Strengthening Federated Learning: Surrogate Data-Guided Aggregation for Robust Backdoor Defense

Haoqiang Zhang,Yonggang Zhang,Qizhou Wang,Bo Han,Defu Lian,Enhong Chen

OpenReview PDF

提交: 2024-09-26更新: 2025-02-05

TL;DR

We propose a Surrogate Data-Guided Aggregation (SuDA) method in federated learning to defend against backdoor attacks.

摘要

Backdoor attacks in federated learning (FL) have garnered significant attention due to their destructive potential. Current advanced backdoor defense strategies typically involve calculating predefined metrics related to local models and modifying the server's aggregation rule accordingly. However, these metrics may exhibit biases due to the inclusion of malicious models in the calculation, leading to defense failures. To address this issue, we propose a novel backdoor defense method in FL named $Su$rrogate $D$ata-guided $A$ggregation (SuDA). SuDA independently evaluates local models using surrogate data, thereby mitigating the influence of malicious models. Specifically, it constructs a surrogate dataset composed of pure noise, which is shared between the server and clients. By leveraging this shared surrogate data, clients train their models using both the shared and local data, while the server reconstructs potential triggers for each local model to identify backdoors, facilitating the filtering of backdoored models before aggregation. To ensure the generalizability of local models across both local and surrogate data, SuDA aligns local data with surrogate data in the representation space, supported by theoretical analysis. Comprehensive experiments demonstrate the substantial superiority of SuDA over previous works.

关键词

Federated LearningBackdoor AttacksGenerative Learning

评审与讨论

审稿意见

评分: 5置信度: 32024-10-26

This paper introduces a method called “surrogate data-guided aggregation” for learning federated learning models in the presence of attackers that are trying to backdoor the model. The main idea of SuDA is to provide a surrogate dataset that is held by the central server. However, unlike most surrogate datasets, this one has nothing to do with the target (private) client data distributions---it is drawn from a noise distribution that is independent of the data. Then, the clients train their models locally on an objective that optimizes performance both on the true training data and the surrogate data. To prevent this from affecting model quality, the local clients align their representations on real data to the representations on noise. Then, the central server attempts to filter out triggered (adversarial) models that have been backdoored by reconstructing a trigger for each target class. The authors demonstrate that SuDA outperforms several defenses against trigger-based backdoor attacks.

优点

Overall I think this paper is interesting. I liked a few things about it:

The problem is important (and very heavily studied)
The approach is creative, I liked the use of a completely noisy surrogate dataset
The representation alignment idea was also nice to make training on noisy data not harm model utility too much

缺点

I want to clarify that I generally liked the paper. I do have some concerns that I think would need to be addressed for an ICLR publication though.

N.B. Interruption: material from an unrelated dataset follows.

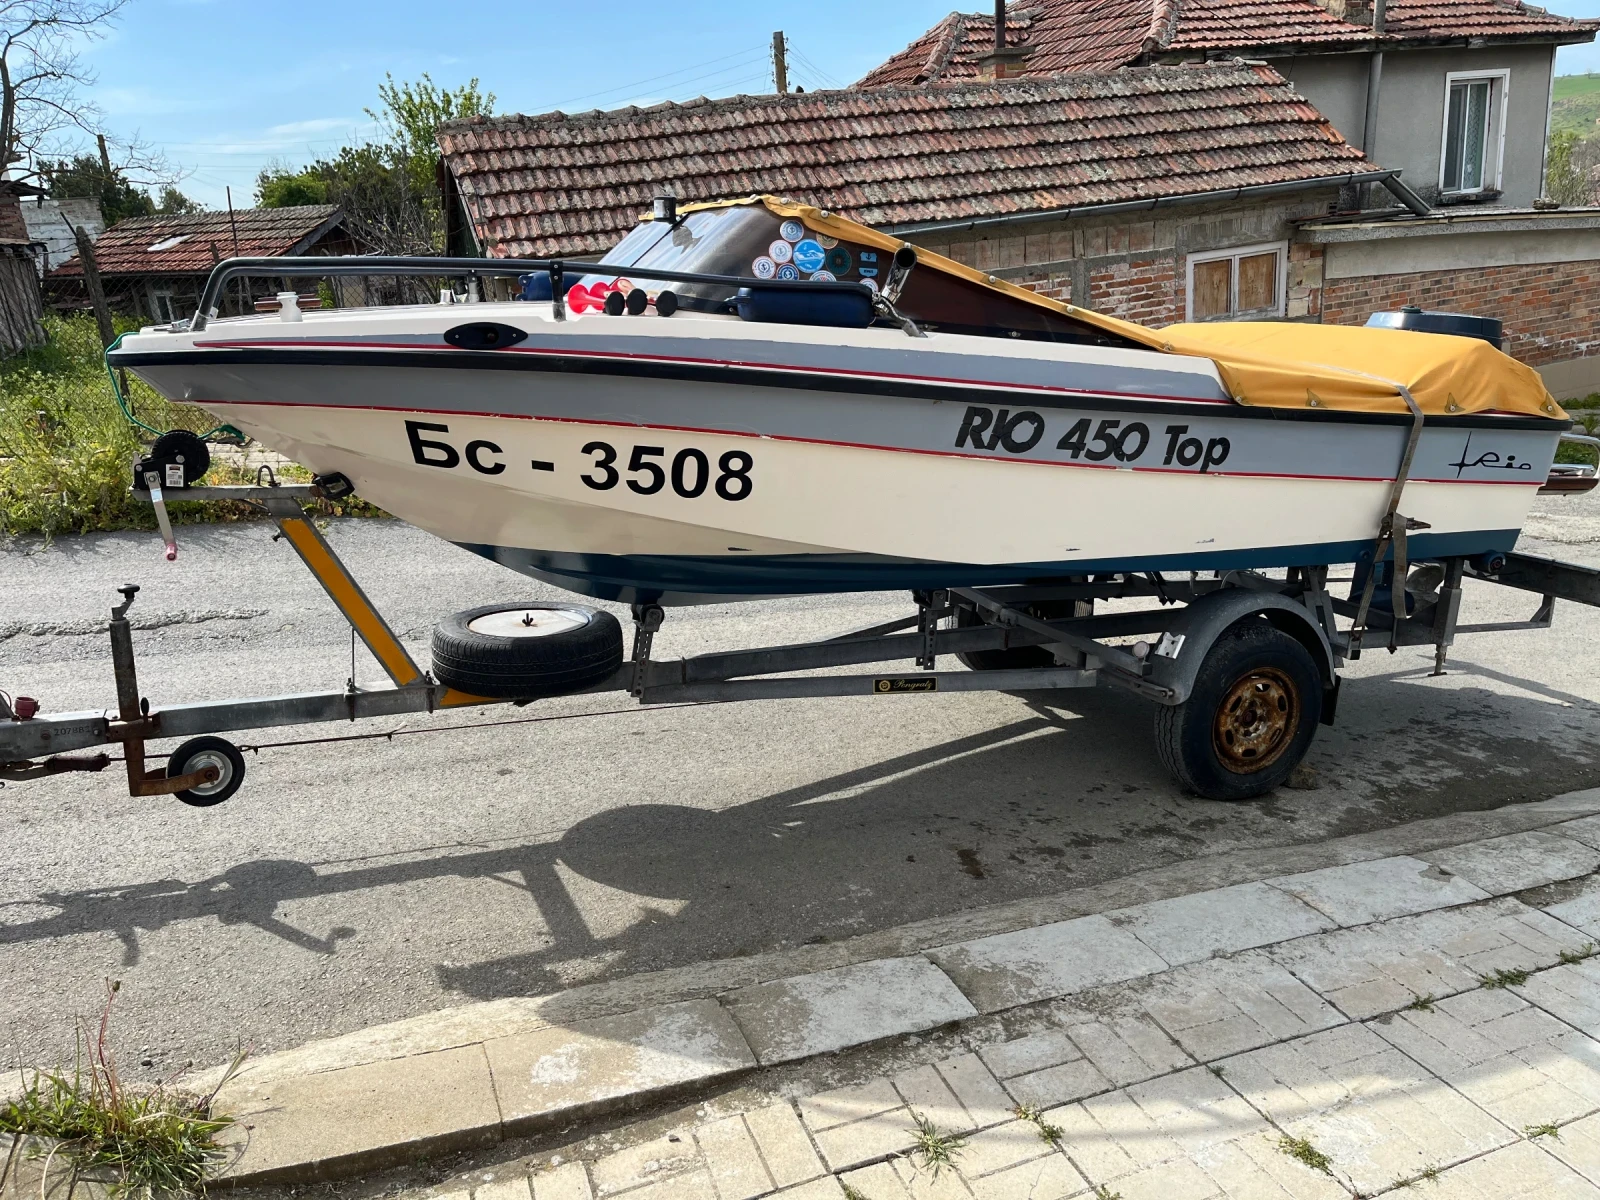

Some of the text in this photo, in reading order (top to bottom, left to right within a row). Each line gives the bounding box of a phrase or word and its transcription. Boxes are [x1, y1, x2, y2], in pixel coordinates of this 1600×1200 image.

[404, 420, 507, 475] Бс
[579, 441, 754, 502] 3508
[954, 406, 1231, 475] RIO 450 Top

The theoretical contributions didn't seem very strong. Can you state Theorem 4.3 more precisely? What do you mean by “elicits the bounded statistical robustness”? Do you mean there exists a lower bound on statistical robustness? Is the lower bound greater than zero?

Moreover, I didn’t understand why I should care about the theoretical result, in the sense that I would expect statistical robustness to have a nonzero lower bound for almost any reasonable classifier and dataset (since it’s an expectation over the distribution), regardless of whether it is trained with SuDA or not. Can you explain whether this theorem is providing unexpected insights? For instance, if you train a classifier without special defenses, and there are adversarial clients trying to backdoor the model, does the resulting model typically have zero statistical robustness?

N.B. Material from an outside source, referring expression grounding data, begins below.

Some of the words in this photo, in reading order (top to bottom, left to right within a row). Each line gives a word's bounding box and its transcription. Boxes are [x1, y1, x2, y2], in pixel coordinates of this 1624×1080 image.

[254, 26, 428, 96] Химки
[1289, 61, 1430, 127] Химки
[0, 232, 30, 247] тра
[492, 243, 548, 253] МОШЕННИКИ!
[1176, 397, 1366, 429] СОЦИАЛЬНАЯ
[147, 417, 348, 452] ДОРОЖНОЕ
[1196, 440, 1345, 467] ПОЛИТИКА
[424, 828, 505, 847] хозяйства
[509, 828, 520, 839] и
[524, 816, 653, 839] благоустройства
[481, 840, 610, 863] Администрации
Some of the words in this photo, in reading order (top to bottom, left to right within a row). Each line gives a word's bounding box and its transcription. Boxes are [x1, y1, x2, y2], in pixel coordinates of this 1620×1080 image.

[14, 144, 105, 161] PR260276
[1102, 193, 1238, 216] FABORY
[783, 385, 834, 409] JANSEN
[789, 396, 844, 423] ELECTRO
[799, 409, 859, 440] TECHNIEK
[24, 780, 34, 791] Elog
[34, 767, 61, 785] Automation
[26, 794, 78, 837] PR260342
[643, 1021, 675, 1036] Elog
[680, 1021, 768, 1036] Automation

The baselines in the evaluation seem a bit outdated. The most recent one is FLAME from 2022. I would have liked to see some more recent competitive baselines included, such as:

S. Wang et al, “Towards a defense against federated backdoor attacks…” (2023)
K. Kumari et al, “BayBFed: …” (2023)
T. Krauss et al, “MESAS: …” (2023) The paper also seems to be missing a discussion of more recent FL defenses (and attacks). I’m a little worried that the evaluation and related work aren't deep enough for a FL backdoor paper.

If you only need random noise for the surrogate data, why do you pass it through a GAN instead of just drawing from a Gaussian and using that as the surrogate dataset? Also why do you instantiate this data as pure noise rather than some public dataset from a somewhat-related domain? Your evaluation examines part of this question, in the sense of using pure noise and not participating in training, but it would be better to also evaluate the effect of using pure noise (not passing it through a GAN), but still participating in training. (As well as possibly using public data for the surrogate training dataset). Of course I understand this won’t always be possible for all FL problems.
Smaller issues:

Just to clarify---I don’t think the paper explicitly says this, but if a model is filtered out (because a small trigger is found), that model is not included in the subsequent aggregation, right? Can you please explicitly explain in the paper what happens after model filtering?
The notation was a bit confusing. Y_t is listed as the target label, but t is also used as the round in FL.

问题

Could you clarify the significance of the theoretical result?
Can you provide results from more recent defense baselines? (and update your discussion of related work accordingly, there are a lot more papers that I didn't mention)
Can you explain why you construct the surrogate data by passing noise through an untrained GAN? Is there a simpler way of doing this?

2024-12-03

Q1: Could you clarify the significance of the theoretical result?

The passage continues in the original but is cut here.